En RCA, les victimes du régime Bozizé témoignent
28 juin 2024La Cour pénale spéciale a lancé, en avril dernier, un mandat d’arrêt international contre l’ancien président centrafricain François Bozizé. La CPS a demandé à la Guinée Bissau, où François Bozizé est en exil, à coopérer pour l’arrêter. Mais les autorités guinéennes ont refusé de satisfaire cette demande.
François Bozizé, lorsqu’il était président de la République, a transformé le camp militaire de Bossembelé, situé au nord de la capitale Bangui, en une terrible prison dans laquelle il faisait torturer ses opposants.

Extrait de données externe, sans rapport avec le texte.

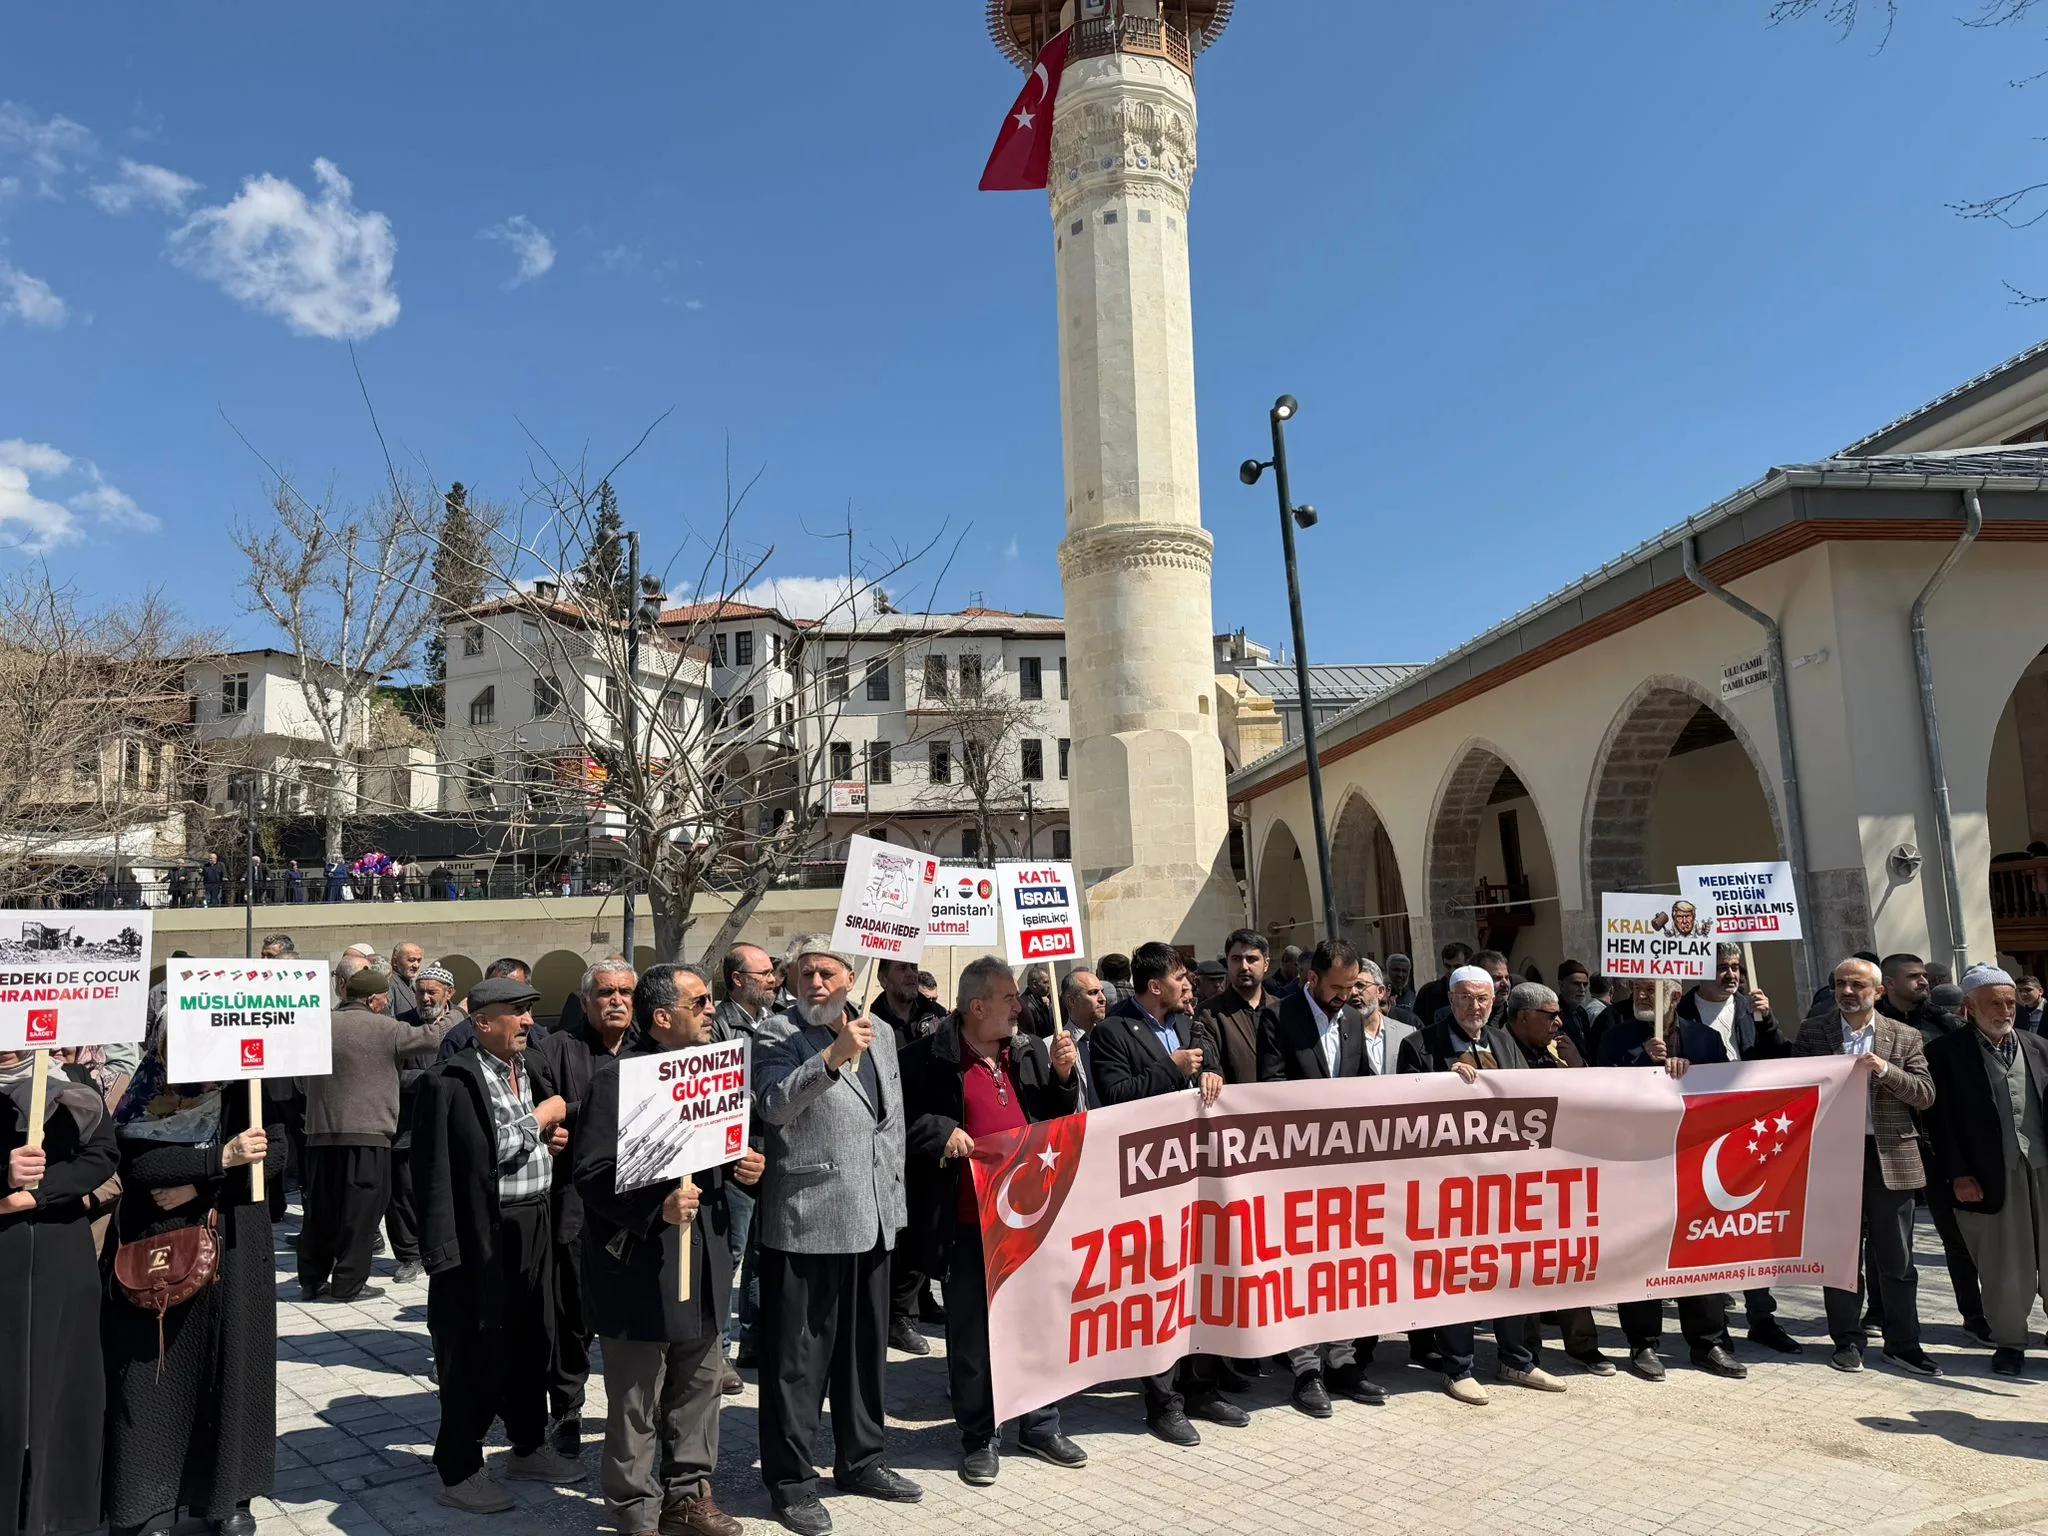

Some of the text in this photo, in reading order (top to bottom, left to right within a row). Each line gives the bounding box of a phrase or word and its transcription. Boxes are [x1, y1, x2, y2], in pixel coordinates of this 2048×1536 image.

[1724, 665, 1740, 678] ULU
[1745, 670, 1768, 685] KEBİR
[1018, 867, 1061, 884] KATİL
[1699, 872, 1773, 887] MEDENİYET
[934, 886, 949, 898] k'ı
[1019, 888, 1066, 906] İSRAİL
[931, 903, 994, 917] ganistan'ı
[1716, 902, 1795, 917] DİŞİ KALMIŞ
[845, 914, 920, 939] SIRADAKİ HEDEF
[928, 920, 969, 933] utma!
[1022, 911, 1069, 927] İŞBİRLİKÇİ
[1607, 918, 1655, 934] KRAL
[861, 933, 902, 952] TÜRKİYE!
[1028, 934, 1071, 953] ABD!
[1607, 938, 1712, 959] HEM ÇIPLAK
[1607, 958, 1704, 976] HEM KATİL!
[0, 970, 140, 986] EDEKİ DE ÇOCUK
[0, 986, 119, 1003] HRANDAKİ DE!
[180, 992, 320, 1010] MÜSLÜMANLAR
[211, 1011, 296, 1028] BİRLEŞİN!
[658, 1047, 745, 1081] SİYONİZM
[672, 1069, 745, 1102] GÜÇTEN
[679, 1091, 744, 1122] ANLAR!
[1126, 1108, 1548, 1186] KAHRAMANMARAŞ
[1686, 1210, 1791, 1241] SAADET
[1071, 1166, 1599, 1304] ZALİMLERE LANET!
[1646, 1263, 1825, 1288] KAHRAMANMARAŞ İL BAŞKANLIĞI
[1068, 1235, 1599, 1364] MAZLUMLARA DESTEK!

Accusé de crimes contre l’humanité
L’ancien président centrafricain, en exil depuis 2013, d’abord au Cameroun, au Tchad puis en Guinée Bissau, est accusé par la Cour pénale spéciale de « responsabilité pour des crimes contre l’humanité », prétendument commis entre février 2009 et le 23 mars 2013 par la garde présidentielle et par d’autres services de sécurité.

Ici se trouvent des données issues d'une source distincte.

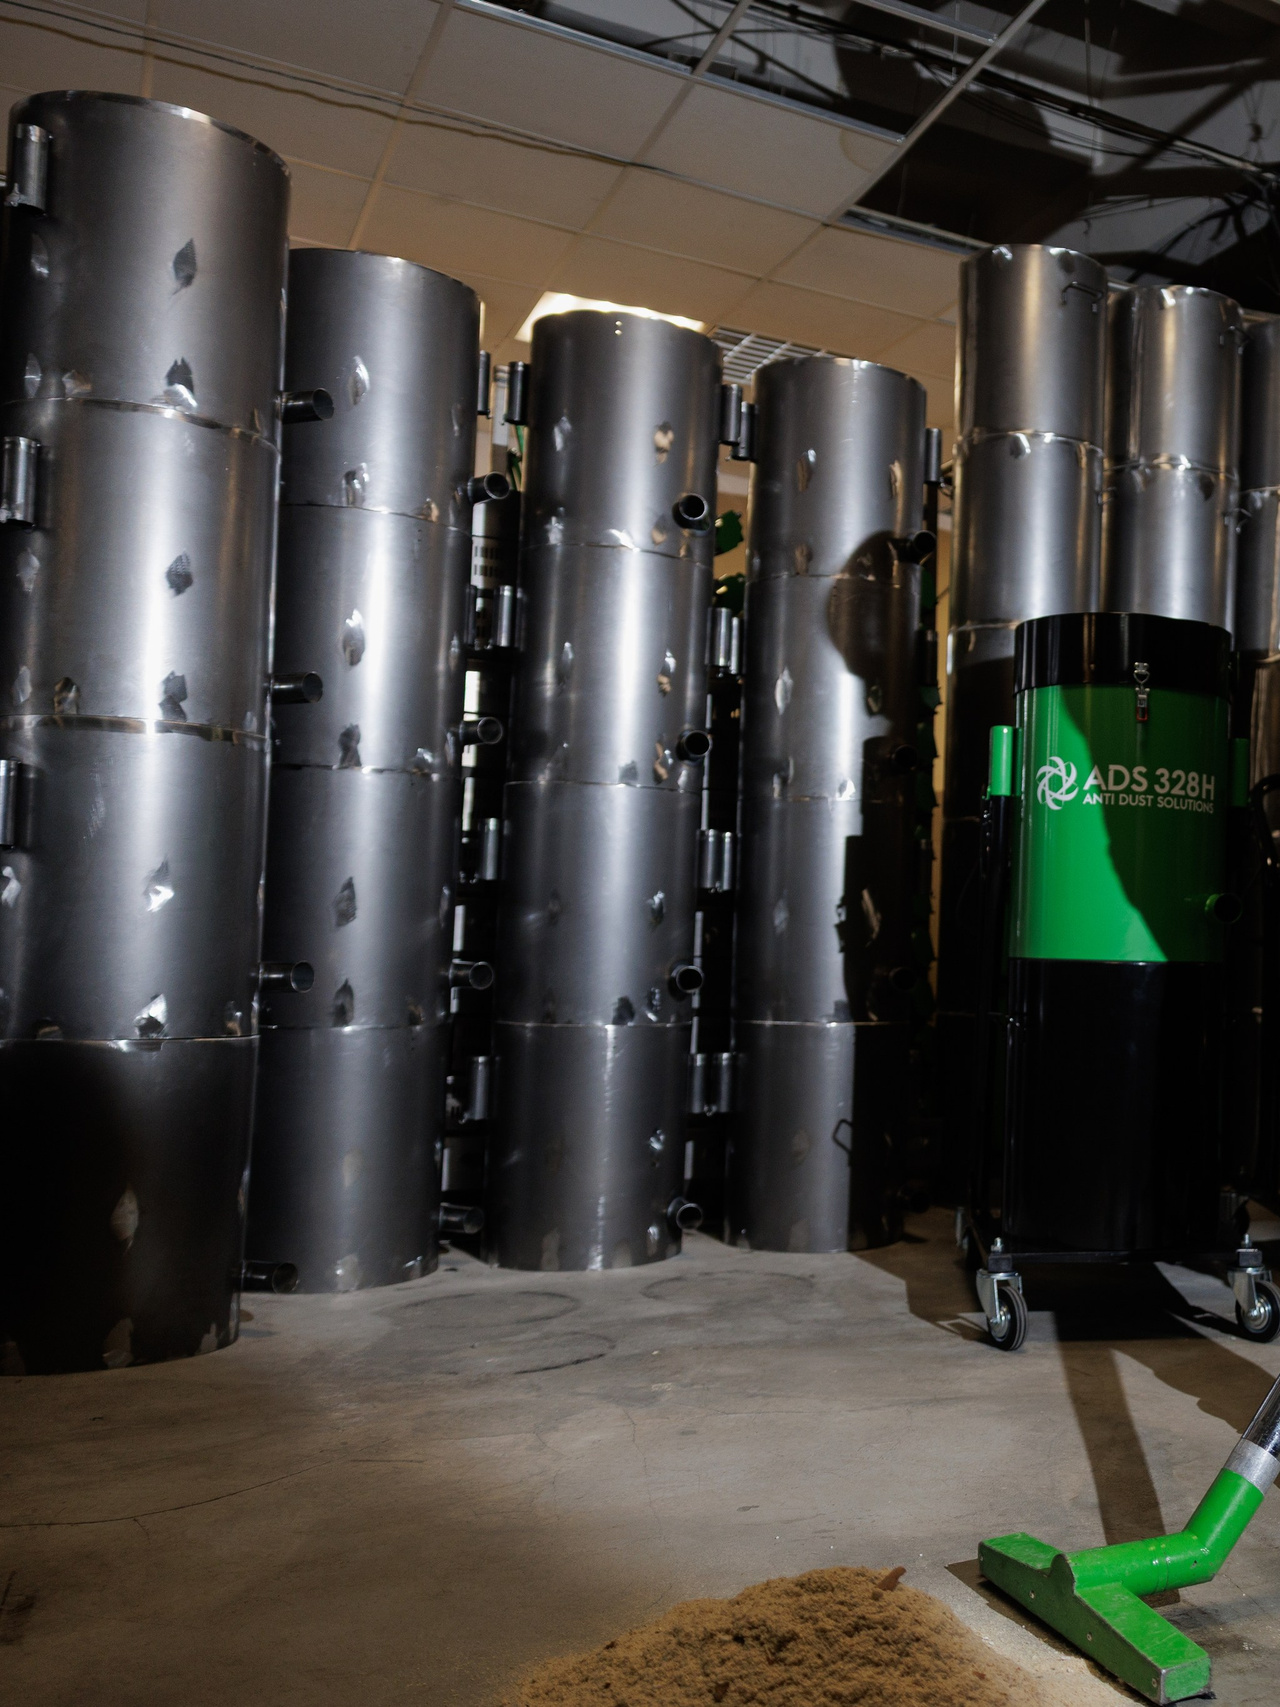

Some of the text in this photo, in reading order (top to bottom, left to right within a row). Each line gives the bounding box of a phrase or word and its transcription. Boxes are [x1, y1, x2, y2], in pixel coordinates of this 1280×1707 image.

[1083, 764, 1215, 800] ADS 328H
[1083, 793, 1215, 814] ANTI DUST SOLUTIONS

"D’après donc des enquêtes à l’instruction, les juges ont collecté des éléments de preuves allant dans le sens de l'inculper de crimes graves et c’est pour cette raison qu’un mandat d’arrêt est lancé au niveau de la métropole, mais aussi auprès du pays où il se trouve maintenant, afin que tous les moyens soient mis en œuvre pour que ce monsieur soit appréhendé et qu’il soit présenté à la justice, précisément à la Cour pénale spéciale pour des faits graves contre sa personne", a expliqué Gervais Bodagaye Laoulé, chargé de communication de la CPS.
Mais les autorités bissau-guinéennes refusent d’accéder à cette demande. A Bangui, la colère monte donc chez les victimes, à l’exemple de Maximilien Proson qui a survécu à son internement dans la prison de Bossembelé.
"C’était au moment de l’incendie du supermarché Rayan. Nous qui sommes des responsables des services, on était déjà là tôt, avant que les autres n’arrivent. Peu après, les commandos de la gendarmerie sont arrivés et nous ont sommés de sortir de notre bureau. Il y a un qui nous a interpellés, le commandant Kossi, pour nous dire que nous étions en état d’arrestation pour nécessité d’enquête. On était quatre, dont une femme et trois hommes. On nous a transférés à la Section de recherches et d’investigation. Là-bas, sans audition, on a passé trois jours et à la quatrième journée, on nous a transférés à Bossembélé. C’était la nuit, c’était aux environs de minuit.°
Débute alors un calvaire pour Maximilien et ses coéquipiers qui va durer un an.
"On nous a mis dans une cellule qui faisait trois mètres carrés et on était au nombre de douze dans la même cellule. Ils appelaient cela la porte rouge. On faisait nos besoin où on dormait. On a passé dix jours dans cette pièce avant d’être libérés. Puis ils nous ont placés dans d’autres cellules comme les autres prisonniers. Mais nous n’étions pas libres, ils nous ont interdit même l’accès des parents."
Il a eu la vie sauve
Si Maximilien a eu la vie sauve c’est grâce à l’implication personnelle de Francis Bozizé, qui aurait demandé aux militaires de ne pas les tuer. Mais tous n’ont pas eu cette chance.
"Une personne de 40-50 ans peut ne plus peser que 23 kilos. Il y a des gens qui mourraient de faim comme ça devant nous. Il y a une vieille et un vieux qui étaient accusés de sorcellerie. Ils les ont tabassés à mort devant nous. Il y avait un jeune congolais qui était là pour une histoire de vol, il a été aussi tabassé à mort. Un diamantaire a été mis à la porte rouge, enchainé et blessé. Il a été tabassé à mort".
Charles Massi, l’opposant à François Bozizé, a été assassiné dans cette prison. Sa famille souhaite connaître la vérité pour commencer son deuil.
Nous avons contacté maître Jean-Louis Opalagna, qui souhaitait défendre François Bozizé, mais celui-ci ne fait pas partie du pool des avocats autorisés à plaider devant la Cour pénale spéciale.
Jean-Louis Opalagna a toujours défendu la cause de François Bozizé. Il est un ancien député du parti KNK, la Convergence nationale, qui soutenait l’ancien président centrafricain. Il était aussi, récemment, ministre de la Fonction publique.